Сад Аваллона - Мэйчен Артур Ллевелин. Страница 121

«Там женщина оплакивает демона». Когда Луциан вновь поднял глаза, он почувствовал на губах вкус этих слов Кольриджа. Широкая полоса ясного бледного света прорвалась в его комнату, улица за окном сияла и переливалась озерцами только что пролившейся воды, последние капли дождя все еще тревожили эту зеркальную поверхность, рождая на ней причудливые блики. Солнце близилось к закату. Луциан растерянно огляделся по сторонам. Потом бросил взгляд на часы, висевшие над пустым камином. Он просидел неподвижно почти два часа, утратив ощущение времени, неустанно повторяя одну и ту же строку, и ему пригрезилась волшебная история, не имевшая конца. Он пережил нечто подобное тому, что, должно быть, испытал сам Кольридж: Луциан видел странные, изумительные, не поддающиеся словесному описанию вещи, он не «думал» о них, а именно видел их во плоти и крови. Но в отличие от Кольриджа он не мог воспроизвести того, что увидел. Он вспомнил все, что с ним было, и убедился, что не спал: все это время он видел свою комнату, сознавал реальность надвигающегося вечера, улавливал свистящий шорох дождя. Он слышал, как служанка с грохотом закрывает ставни, различал торопливые шаги прохожих, спешивших укрыться от дождя, голос хозяйки, велевший кому‑то проследить, чтобы под дверь не натекла лужа.

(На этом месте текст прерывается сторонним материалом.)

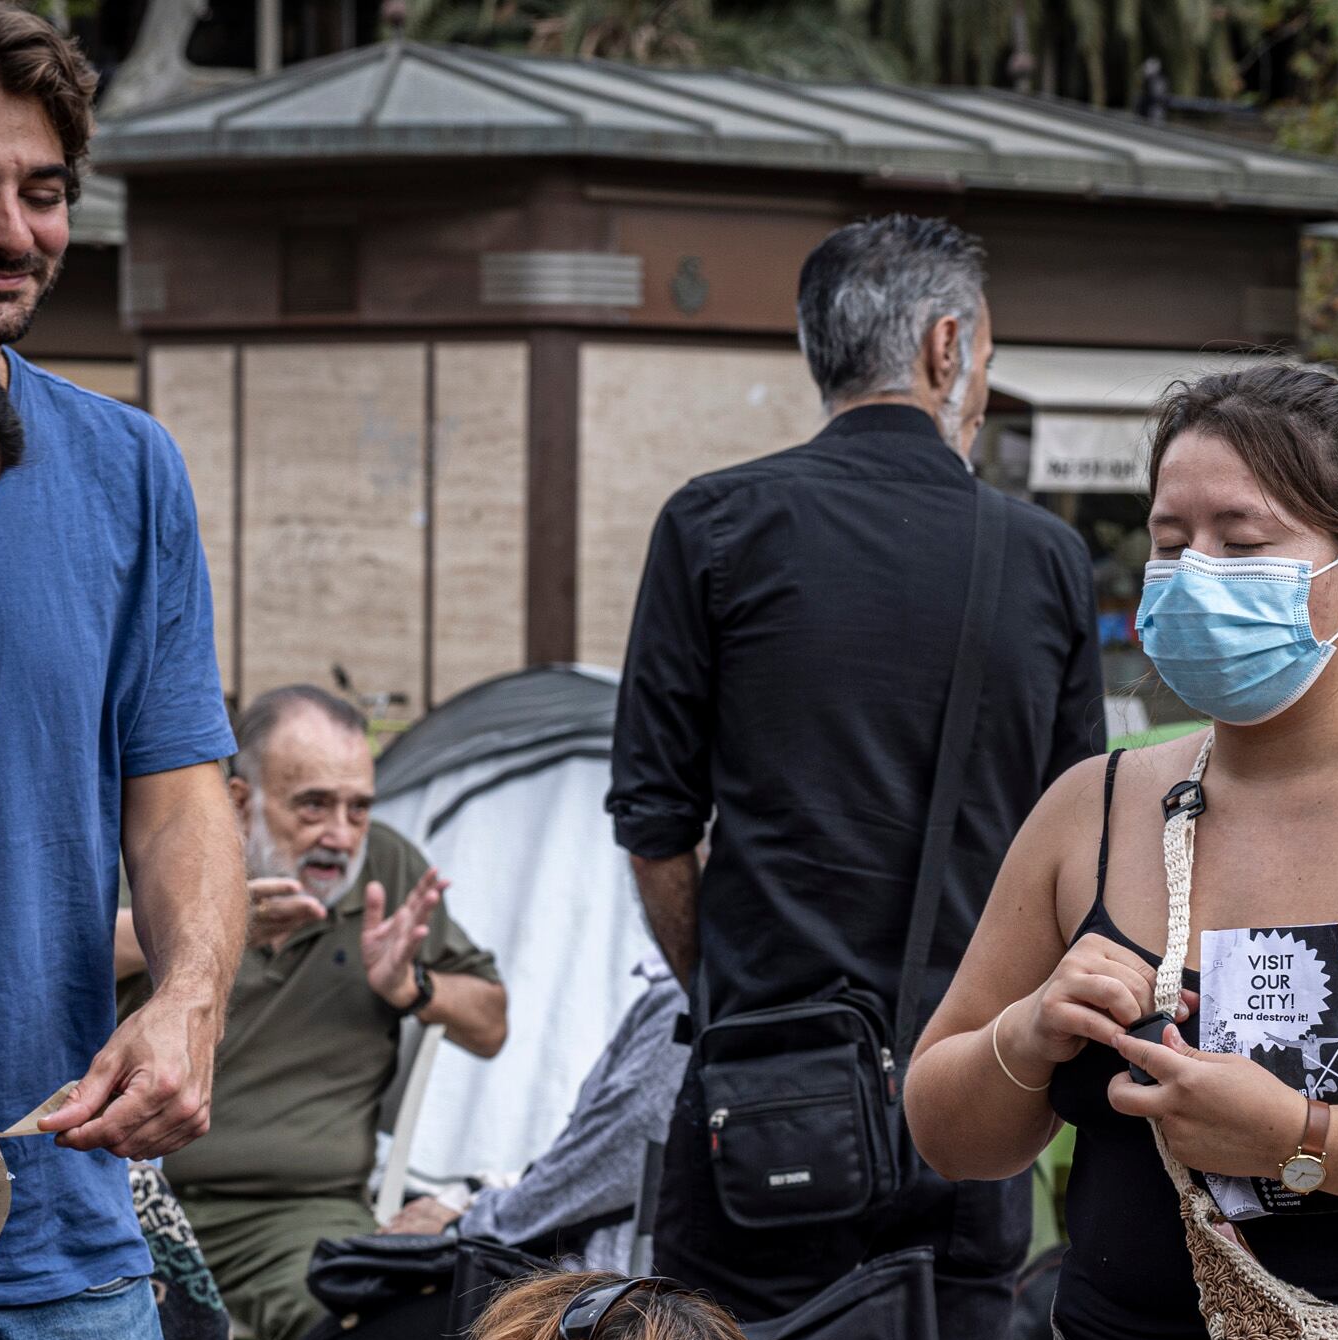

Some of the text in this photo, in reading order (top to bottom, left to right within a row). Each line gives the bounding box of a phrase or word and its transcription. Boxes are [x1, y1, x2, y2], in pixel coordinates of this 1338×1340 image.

[1248, 954, 1294, 970] VISIT
[1251, 974, 1291, 990] OUR
[1247, 993, 1295, 1010] CITY!
[1233, 1012, 1309, 1024] and destroy it!
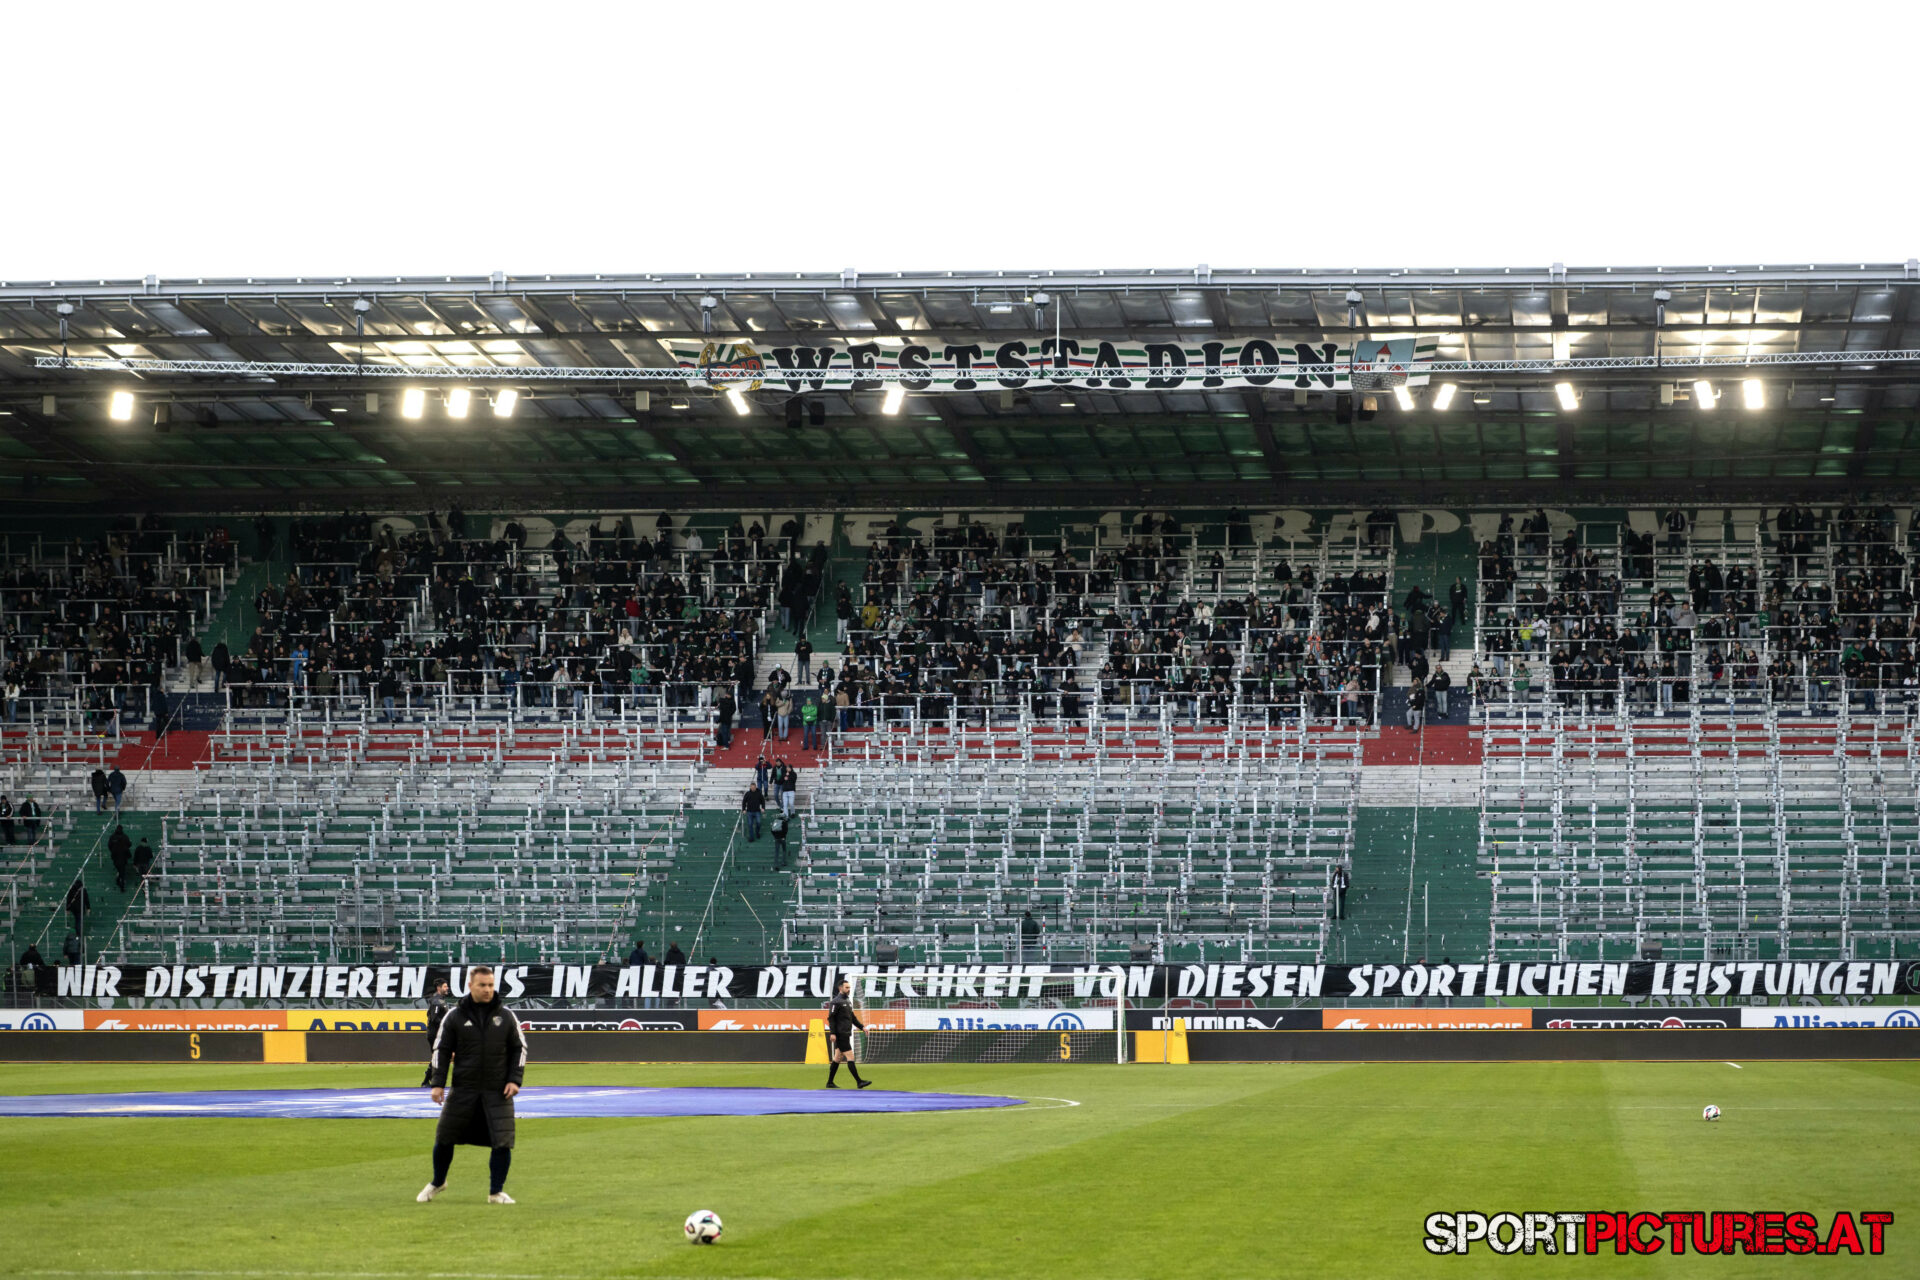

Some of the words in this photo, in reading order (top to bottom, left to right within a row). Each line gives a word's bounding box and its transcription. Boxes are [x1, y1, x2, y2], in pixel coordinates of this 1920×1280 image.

[772, 338, 1338, 391] WESTSTADION
[57, 963, 122, 997] WIR
[145, 964, 427, 998] DISTANZIEREN
[551, 964, 592, 998] IN
[616, 964, 734, 998] ALLER
[757, 963, 1050, 998] DEUTLICHKEIT
[1073, 963, 1155, 997] VON
[1178, 963, 1326, 997] DIESEN
[1348, 962, 1629, 997] SPORTLICHEN
[1651, 961, 1900, 995] LEISTUNGEN

Словно на старой, покрытой темным лаком картине под его внимательным взглядом вдруг проступили горы, деревья, люди, прежде сливавшиеся в единое неразборчивое месиво. На фоне комнаты, дождя, уличного шума ему явилось видение, и Луциан опустился на самое дно, в тайную пещеру, прорытую, быть может, гораздо ниже той области, которую мы привыкли называть «душой». Но теперь он уже не мог припомнить это видение – у него в памяти остались лишь символы, значение которых ему не дано было разгадать.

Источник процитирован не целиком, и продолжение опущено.